(Problem to work on) The entries below are to be repeated exactly, and their pictures left out.
◆ ◆ ◆ ◆ ◆
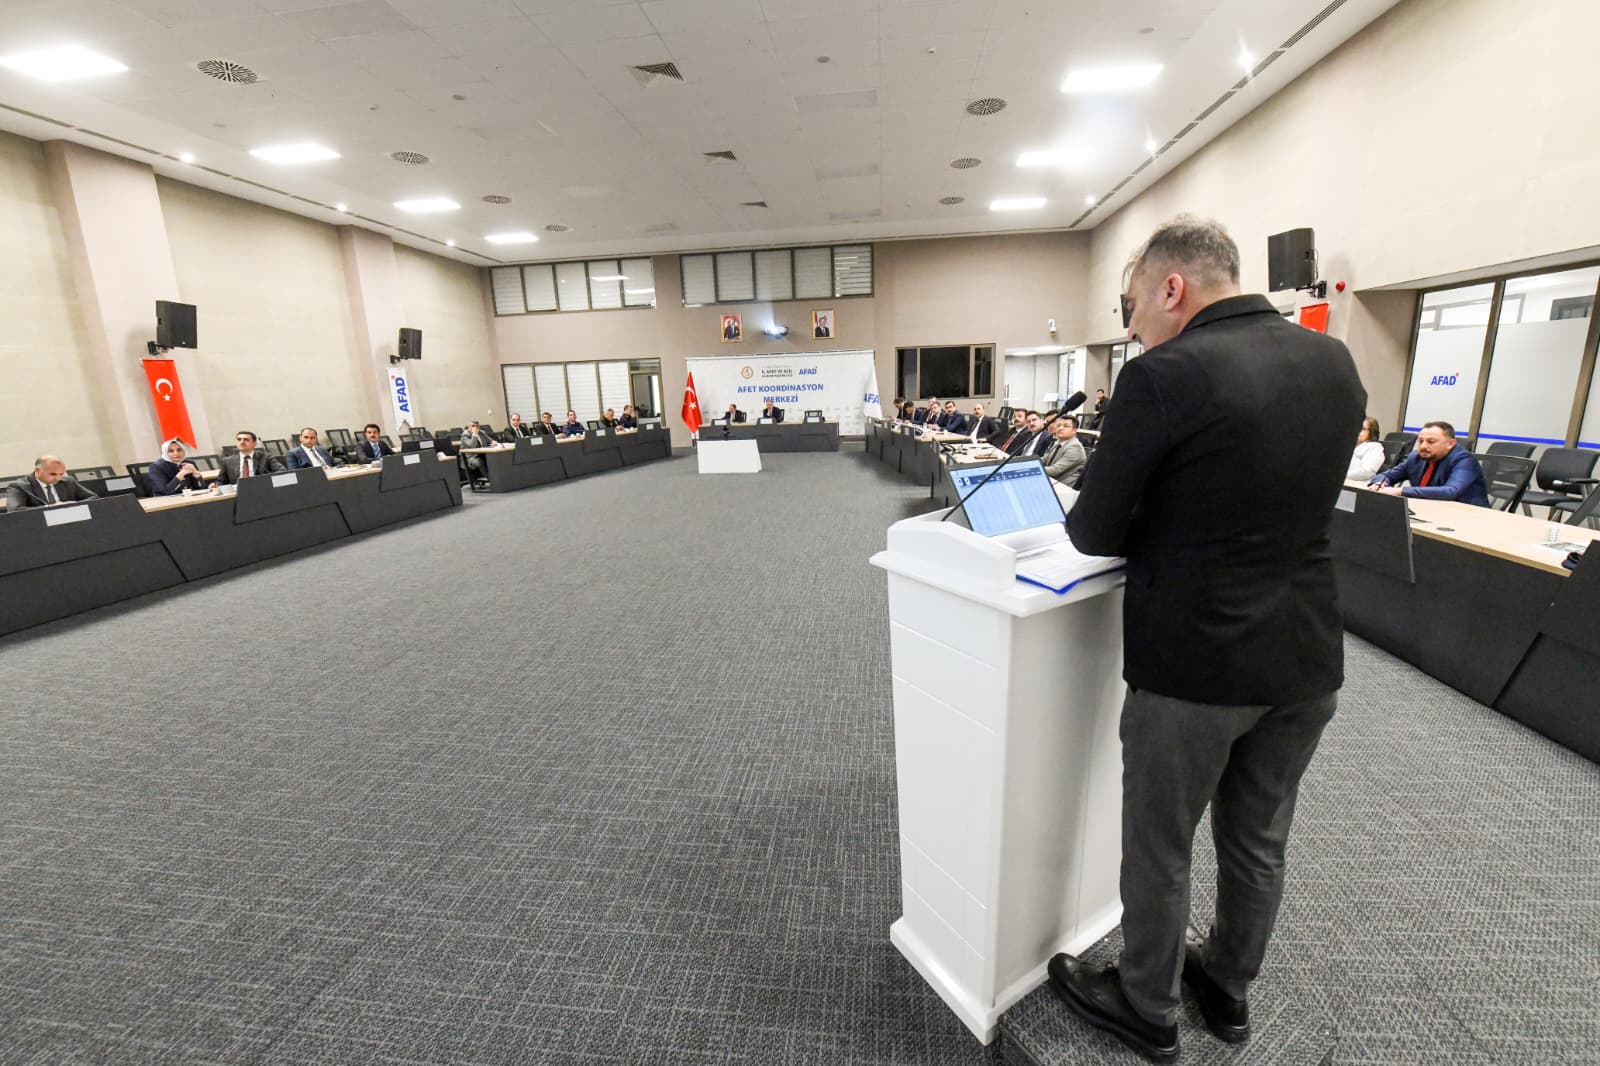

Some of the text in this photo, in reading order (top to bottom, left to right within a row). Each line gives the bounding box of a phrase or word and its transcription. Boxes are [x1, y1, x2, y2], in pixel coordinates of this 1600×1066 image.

[1430, 375, 1457, 386] AFAD
[737, 384, 824, 393] AFET KOORDİNASYON
[395, 377, 410, 413] AFAD
[763, 394, 798, 403] MERKEZİ
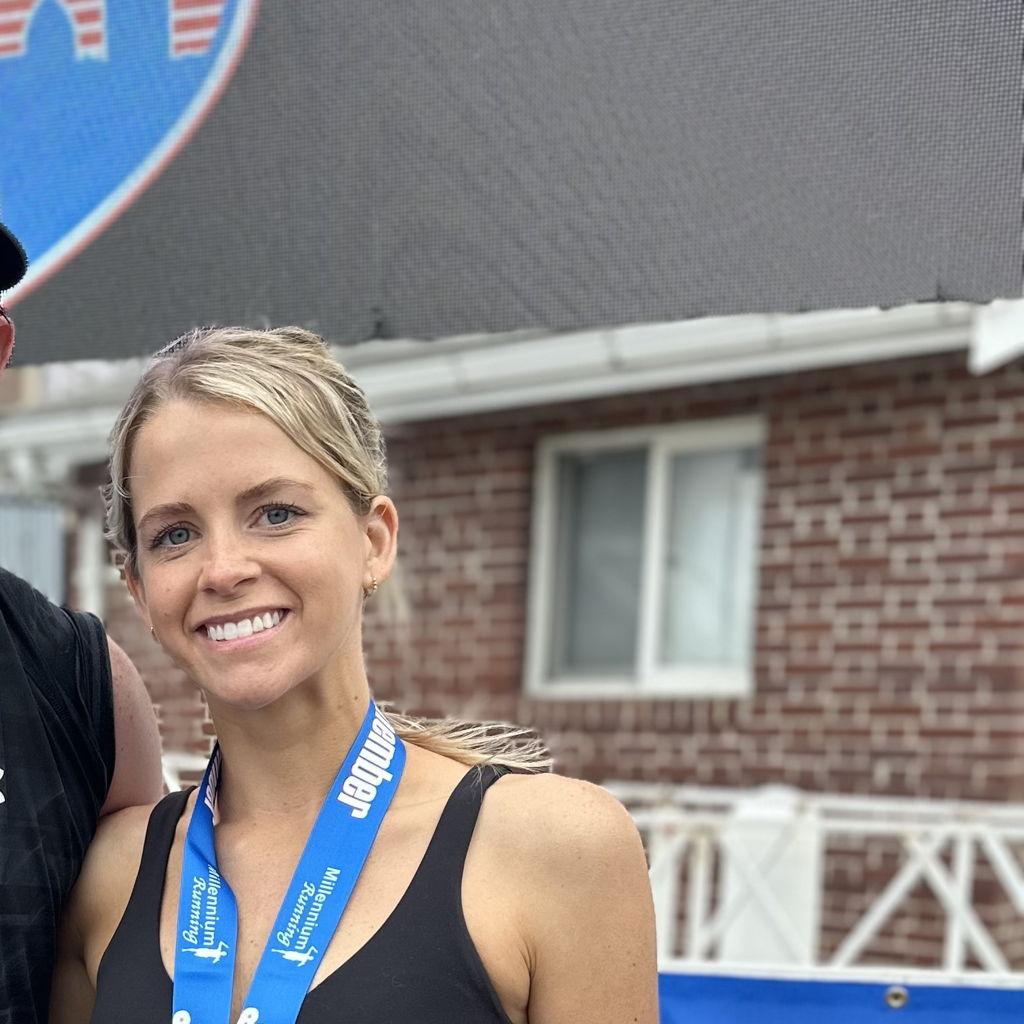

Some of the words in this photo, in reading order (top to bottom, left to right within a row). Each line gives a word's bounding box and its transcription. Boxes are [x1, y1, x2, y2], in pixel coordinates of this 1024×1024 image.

[182, 876, 207, 945] Running
[277, 881, 315, 947] Running
[293, 867, 341, 950] Millennium
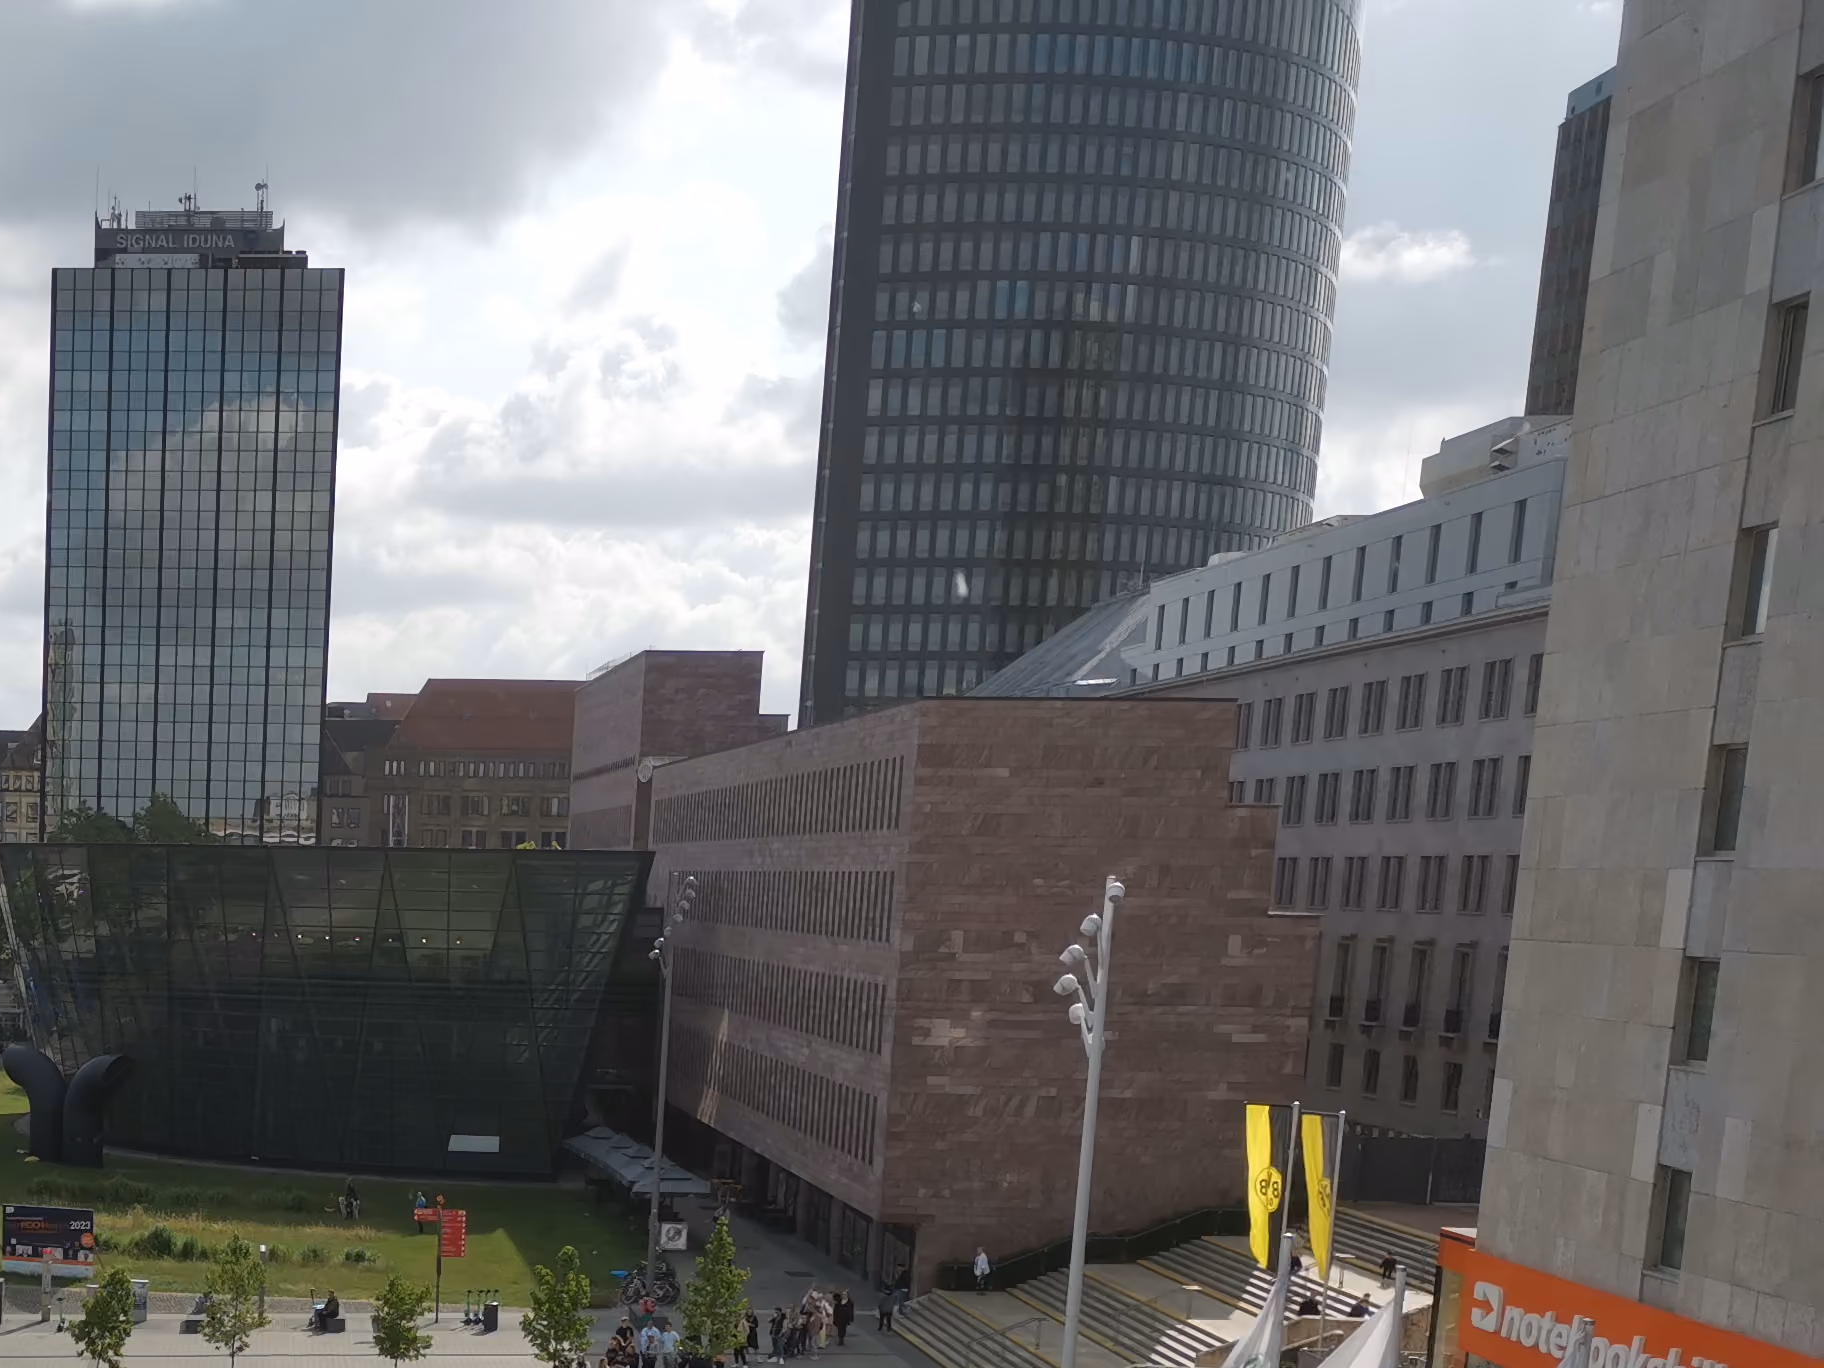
◆ ◆ ◆ ◆ ◆
(Answer space)
Some of the text in this photo, in reading order (top to bottom, left to right within a row). Each line gives the bounding box of a phrase or word and its transcription. Boxes are [x1, y1, x2, y2], in pixel coordinates of this 1600×1066 image.

[1430, 375, 1457, 386] AFAD
[737, 384, 824, 393] AFET KOORDİNASYON
[395, 377, 410, 413] AFAD
[763, 394, 798, 403] MERKEZİ

Some of the words in this photo, in reading order (top to bottom, left to right within a row). Each line gives a word's bounding box and its transcription. Boxes are [x1, y1, x2, y2], in pixel coordinates of this 1024×1024 image.

[182, 876, 207, 945] Running
[277, 881, 315, 947] Running
[293, 867, 341, 950] Millennium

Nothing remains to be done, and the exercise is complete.